_Problem to solve_
Repeat the records exactly, with one exception: no images.

_Supplied records_
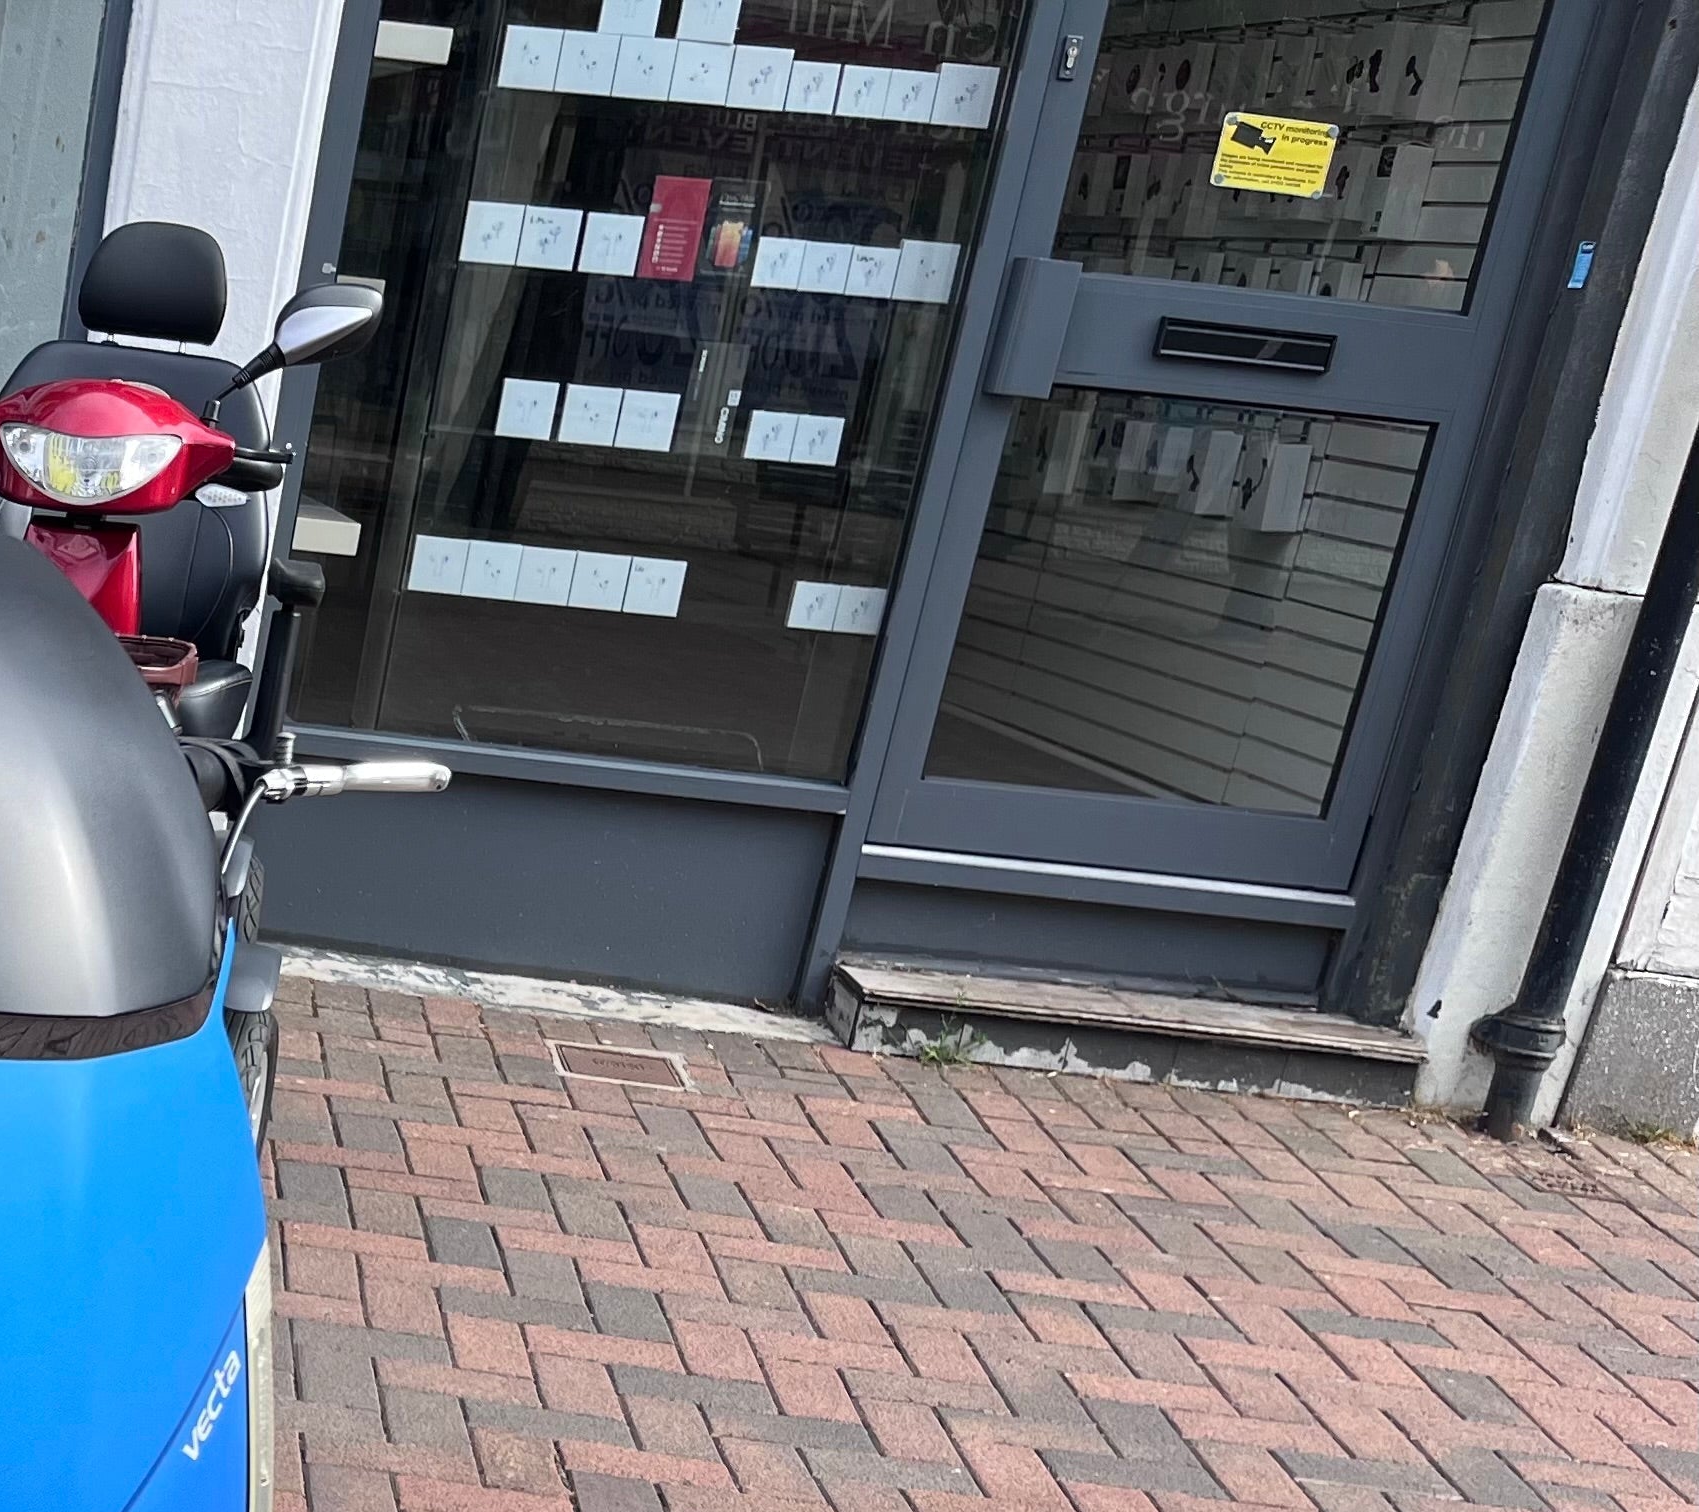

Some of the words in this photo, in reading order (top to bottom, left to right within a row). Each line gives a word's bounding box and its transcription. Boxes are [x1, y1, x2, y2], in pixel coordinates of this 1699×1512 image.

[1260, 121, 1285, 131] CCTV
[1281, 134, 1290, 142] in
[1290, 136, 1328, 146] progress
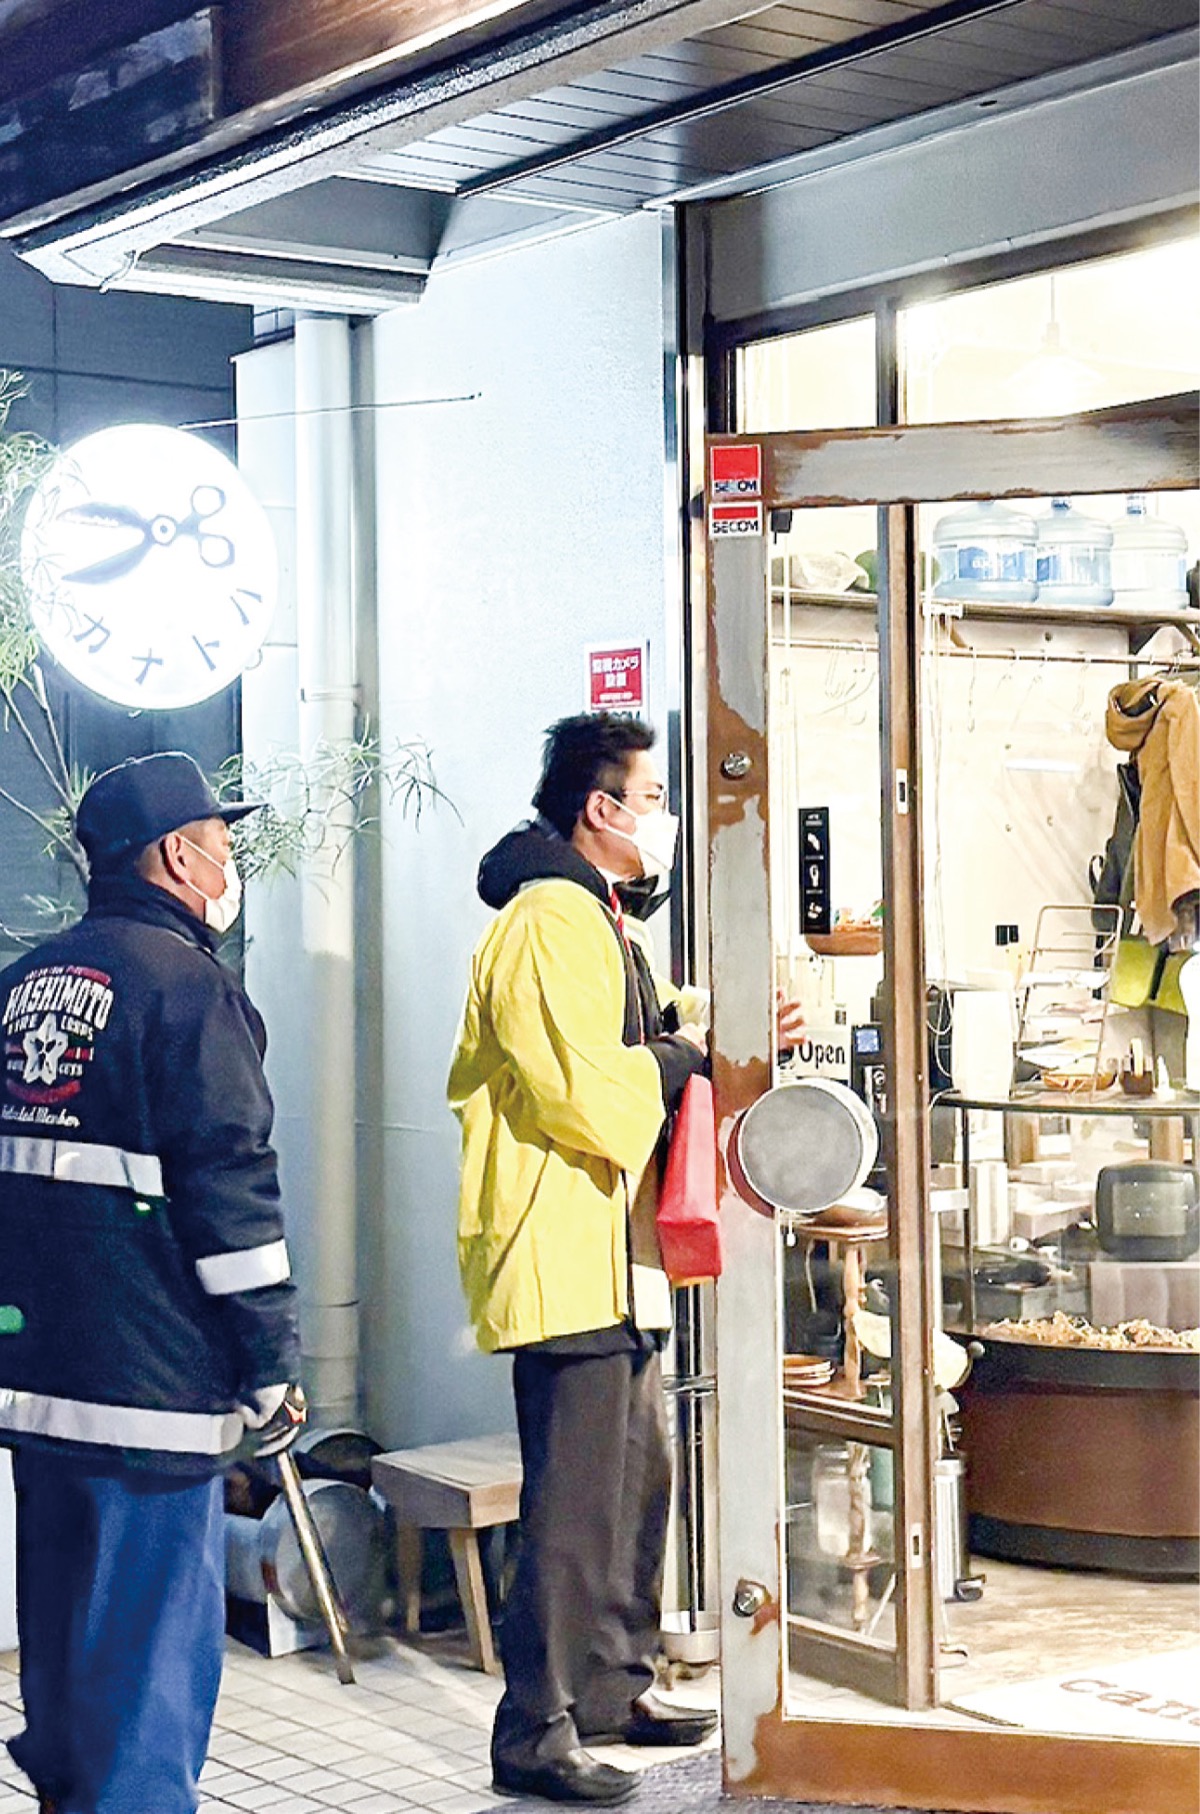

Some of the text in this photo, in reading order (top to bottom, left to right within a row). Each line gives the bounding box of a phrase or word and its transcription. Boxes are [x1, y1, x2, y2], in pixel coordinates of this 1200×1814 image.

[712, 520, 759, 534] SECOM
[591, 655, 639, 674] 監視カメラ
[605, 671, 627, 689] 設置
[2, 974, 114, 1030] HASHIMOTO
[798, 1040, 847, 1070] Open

_Exercise solution_
Some of the words in this photo, in reading order (top to bottom, left to right within a row). Each line gives a word's bounding box and its transcription. Boxes are [x1, y1, x2, y2], in pixel coordinates of this 1699×1512 image.

[1260, 121, 1285, 131] CCTV
[1281, 134, 1290, 142] in
[1290, 136, 1328, 146] progress

Some of the text in this photo, in reading order (top to bottom, left to right within a row). Each line gives the bounding box of a phrase or word and its transcription. Boxes are [x1, y1, x2, y2], in pixel coordinates of this 1200×1814 image.

[712, 520, 759, 534] SECOM
[591, 655, 639, 674] 監視カメラ
[605, 671, 627, 689] 設置
[2, 974, 114, 1030] HASHIMOTO
[798, 1040, 847, 1070] Open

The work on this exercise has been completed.